> Exercise description
Please reproduce the listing in its entirety, exactly as written, but without images.
════════════════════
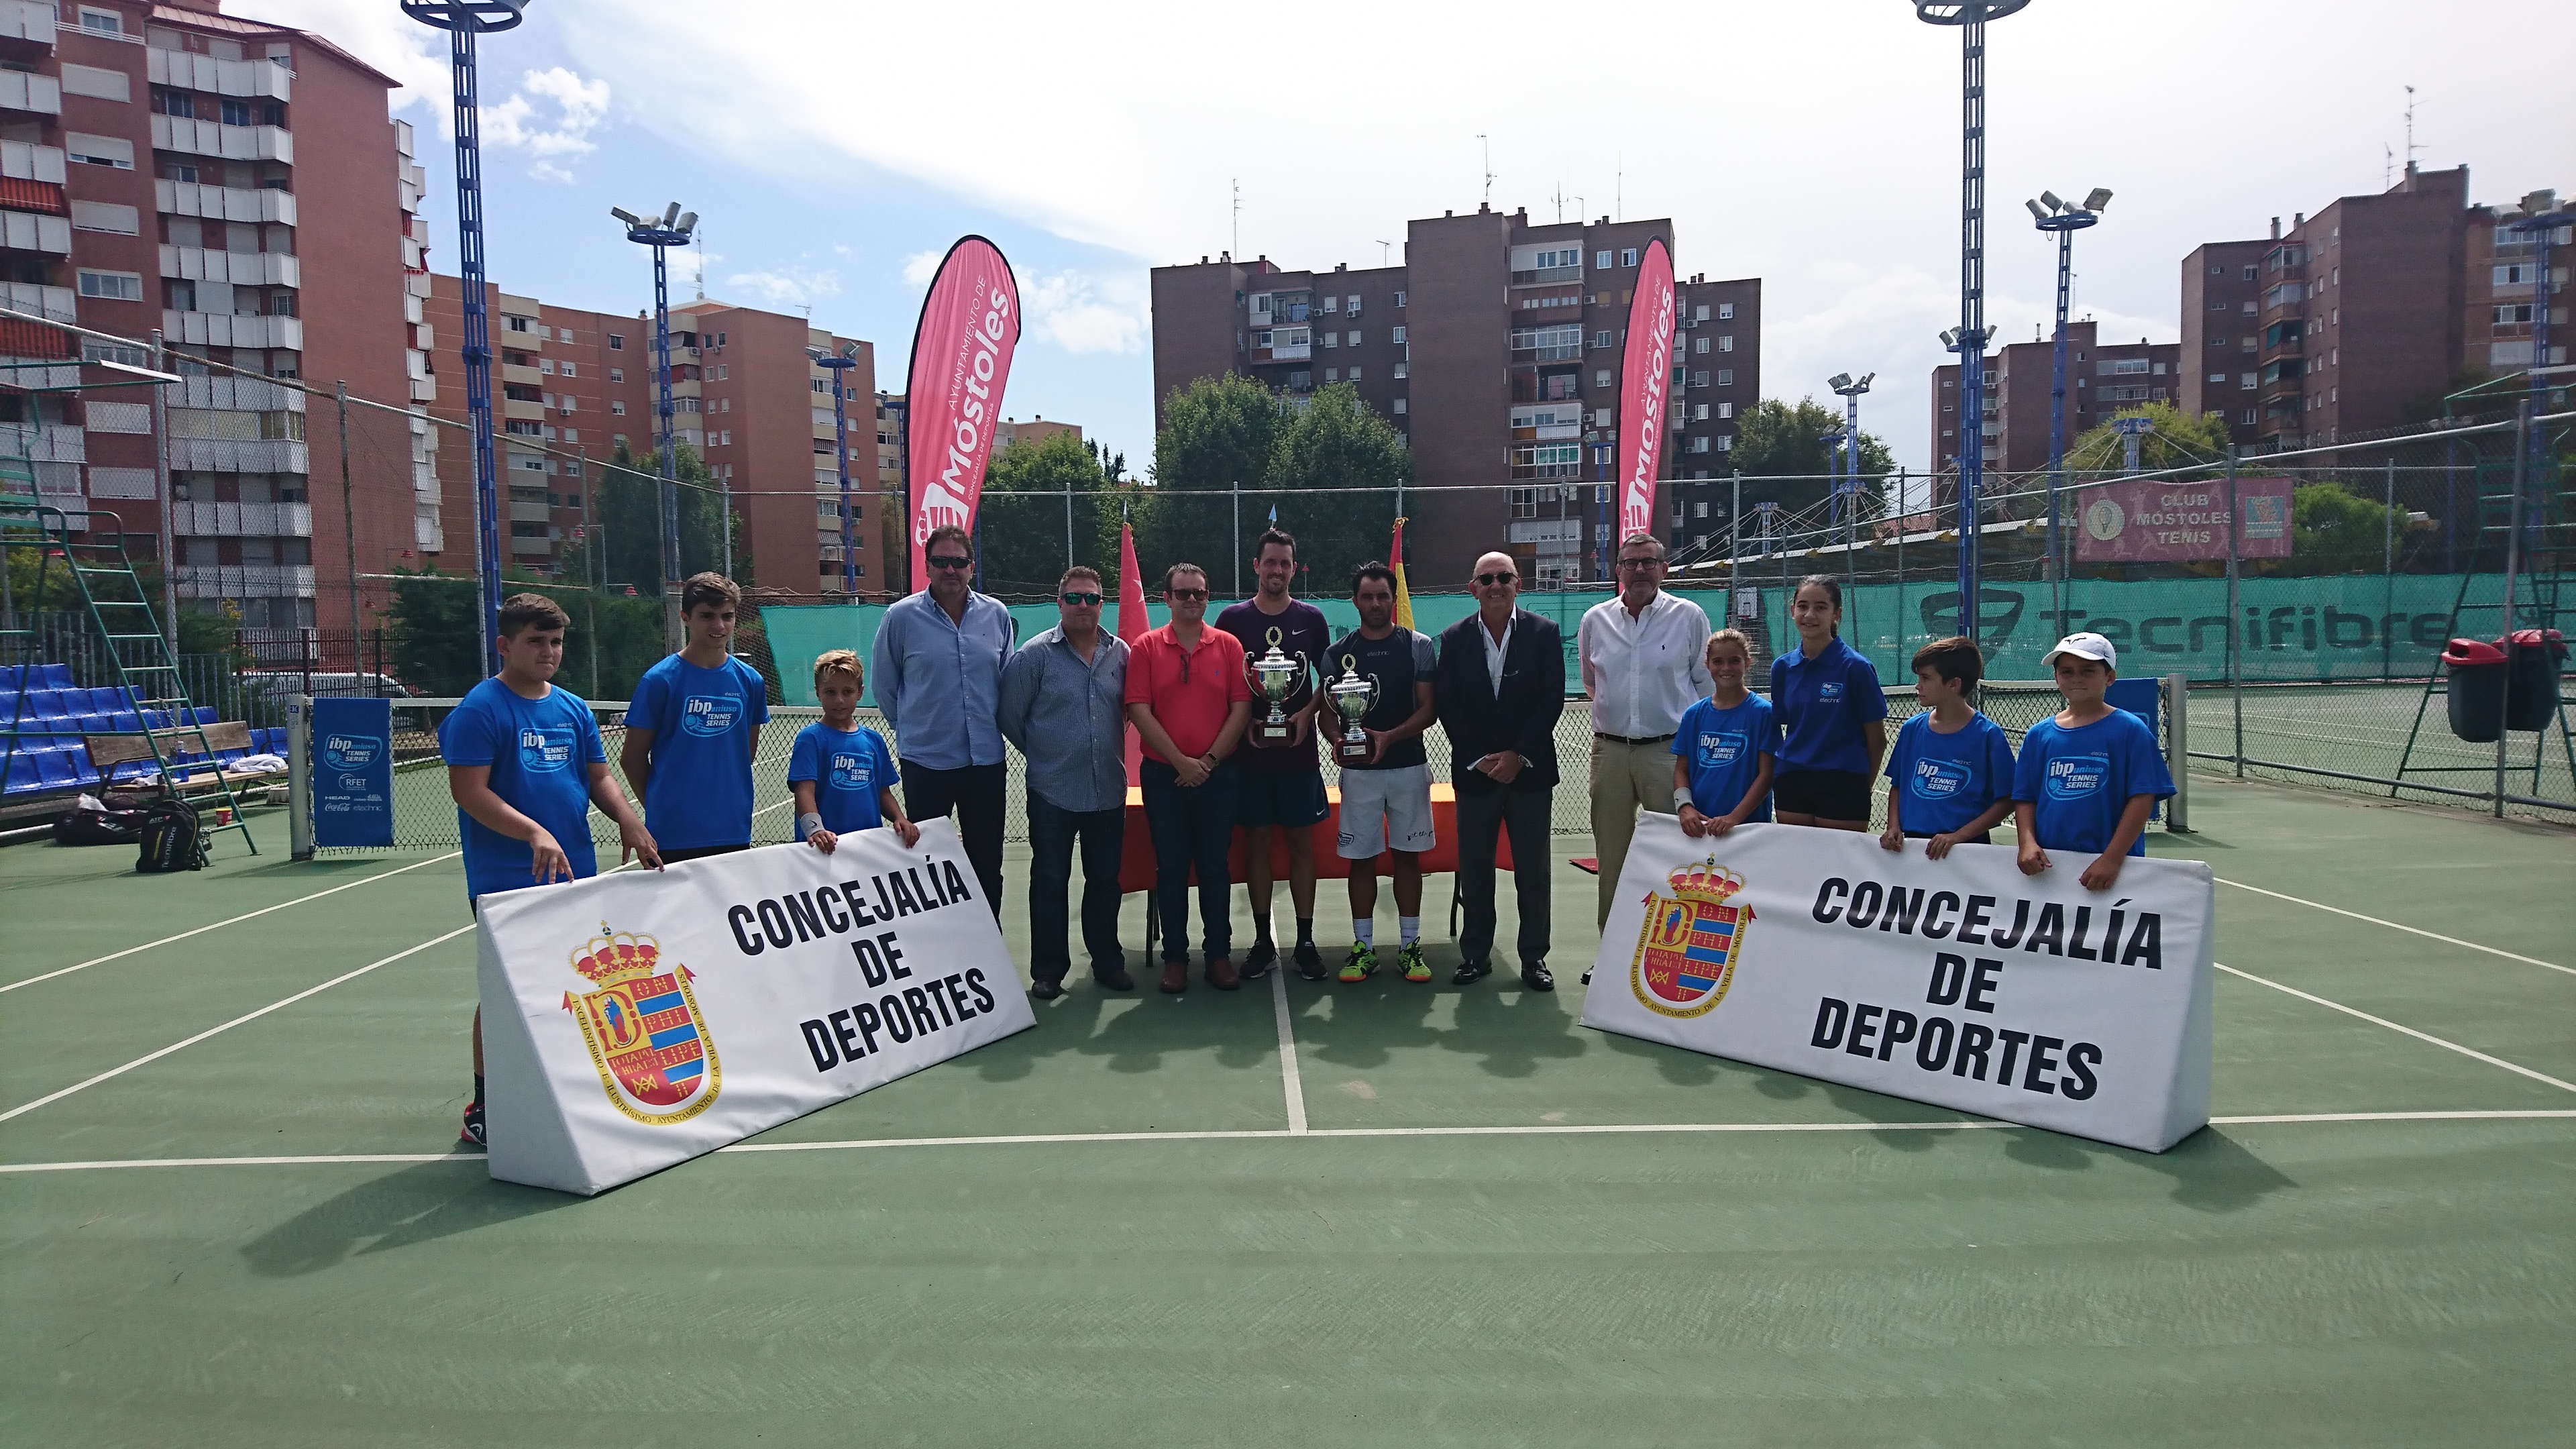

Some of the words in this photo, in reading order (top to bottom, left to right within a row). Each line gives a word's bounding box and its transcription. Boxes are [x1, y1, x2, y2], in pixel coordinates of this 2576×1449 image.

[1655, 274, 1661, 295] DE
[949, 298, 980, 411] AYUNTAMIENTO
[975, 274, 986, 297] DE
[968, 454, 982, 500] CONCEJALÍA
[979, 443, 985, 453] DE
[982, 402, 994, 443] DEPORTES
[2161, 494, 2209, 506] CLUB
[2137, 511, 2231, 525] MÓSTOLES
[2158, 531, 2212, 544] TENIS
[688, 700, 712, 715] ibp
[329, 737, 352, 752] ibp
[523, 732, 545, 749] ibp
[1701, 735, 1720, 749] ibp
[543, 746, 569, 754] TENNIS
[835, 755, 855, 770] ibp
[1917, 761, 1939, 777] ibp
[2050, 761, 2075, 777] ibp
[346, 778, 366, 786] RFET
[1927, 783, 1956, 792] SERIES
[1930, 777, 1957, 786] TENNIS
[728, 855, 973, 956] CONCEJALÍA
[1703, 906, 1729, 920] ON
[1637, 900, 1656, 952] EXCELENTÍSIMO
[1812, 877, 2162, 970] CONCEJALÍA
[1693, 932, 1723, 947] PHI
[850, 931, 913, 989] DE
[1729, 953, 1736, 963] DE
[1684, 961, 1720, 977] LIPE
[1721, 967, 1733, 987] VILLA
[637, 976, 669, 996] ON
[1631, 964, 1648, 1004] ILUSTRÍSIMO
[1926, 951, 2004, 1014] DE
[1715, 991, 1723, 1001] LA
[1649, 1003, 1701, 1017] AYUNTAMIENTO
[1704, 1002, 1714, 1012] DE
[646, 1009, 682, 1030] PHI
[697, 1020, 706, 1032] DE
[799, 967, 996, 1073] DEPORTES
[573, 1000, 604, 1069] EXCELENTÍSIMO
[659, 1041, 702, 1066] LIPE
[704, 1036, 716, 1061] VILLA
[1810, 996, 2102, 1101] DEPORTES
[713, 1067, 720, 1077] LA
[712, 1081, 720, 1093] DE
[606, 1084, 651, 1123] ILUSTRÍSIMO
[657, 1095, 712, 1124] AYUNTAMIENTO
════════════════════
> Written answer
Some of the words in this photo, in reading order (top to bottom, left to right within a row). Each line gives a word's bounding box and its transcription. Boxes are [x1, y1, x2, y2], in pixel coordinates of this 2576×1449 image.

[1655, 274, 1661, 295] DE
[949, 298, 980, 411] AYUNTAMIENTO
[975, 274, 986, 297] DE
[968, 454, 982, 500] CONCEJALÍA
[979, 443, 985, 453] DE
[982, 402, 994, 443] DEPORTES
[2161, 494, 2209, 506] CLUB
[2137, 511, 2231, 525] MÓSTOLES
[2158, 531, 2212, 544] TENIS
[688, 700, 712, 715] ibp
[329, 737, 352, 752] ibp
[523, 732, 545, 749] ibp
[1701, 735, 1720, 749] ibp
[543, 746, 569, 754] TENNIS
[835, 755, 855, 770] ibp
[1917, 761, 1939, 777] ibp
[2050, 761, 2075, 777] ibp
[346, 778, 366, 786] RFET
[1927, 783, 1956, 792] SERIES
[1930, 777, 1957, 786] TENNIS
[728, 855, 973, 956] CONCEJALÍA
[1703, 906, 1729, 920] ON
[1637, 900, 1656, 952] EXCELENTÍSIMO
[1812, 877, 2162, 970] CONCEJALÍA
[1693, 932, 1723, 947] PHI
[850, 931, 913, 989] DE
[1729, 953, 1736, 963] DE
[1684, 961, 1720, 977] LIPE
[1721, 967, 1733, 987] VILLA
[637, 976, 669, 996] ON
[1631, 964, 1648, 1004] ILUSTRÍSIMO
[1926, 951, 2004, 1014] DE
[1715, 991, 1723, 1001] LA
[1649, 1003, 1701, 1017] AYUNTAMIENTO
[1704, 1002, 1714, 1012] DE
[646, 1009, 682, 1030] PHI
[697, 1020, 706, 1032] DE
[799, 967, 996, 1073] DEPORTES
[573, 1000, 604, 1069] EXCELENTÍSIMO
[659, 1041, 702, 1066] LIPE
[704, 1036, 716, 1061] VILLA
[1810, 996, 2102, 1101] DEPORTES
[713, 1067, 720, 1077] LA
[712, 1081, 720, 1093] DE
[606, 1084, 651, 1123] ILUSTRÍSIMO
[657, 1095, 712, 1124] AYUNTAMIENTO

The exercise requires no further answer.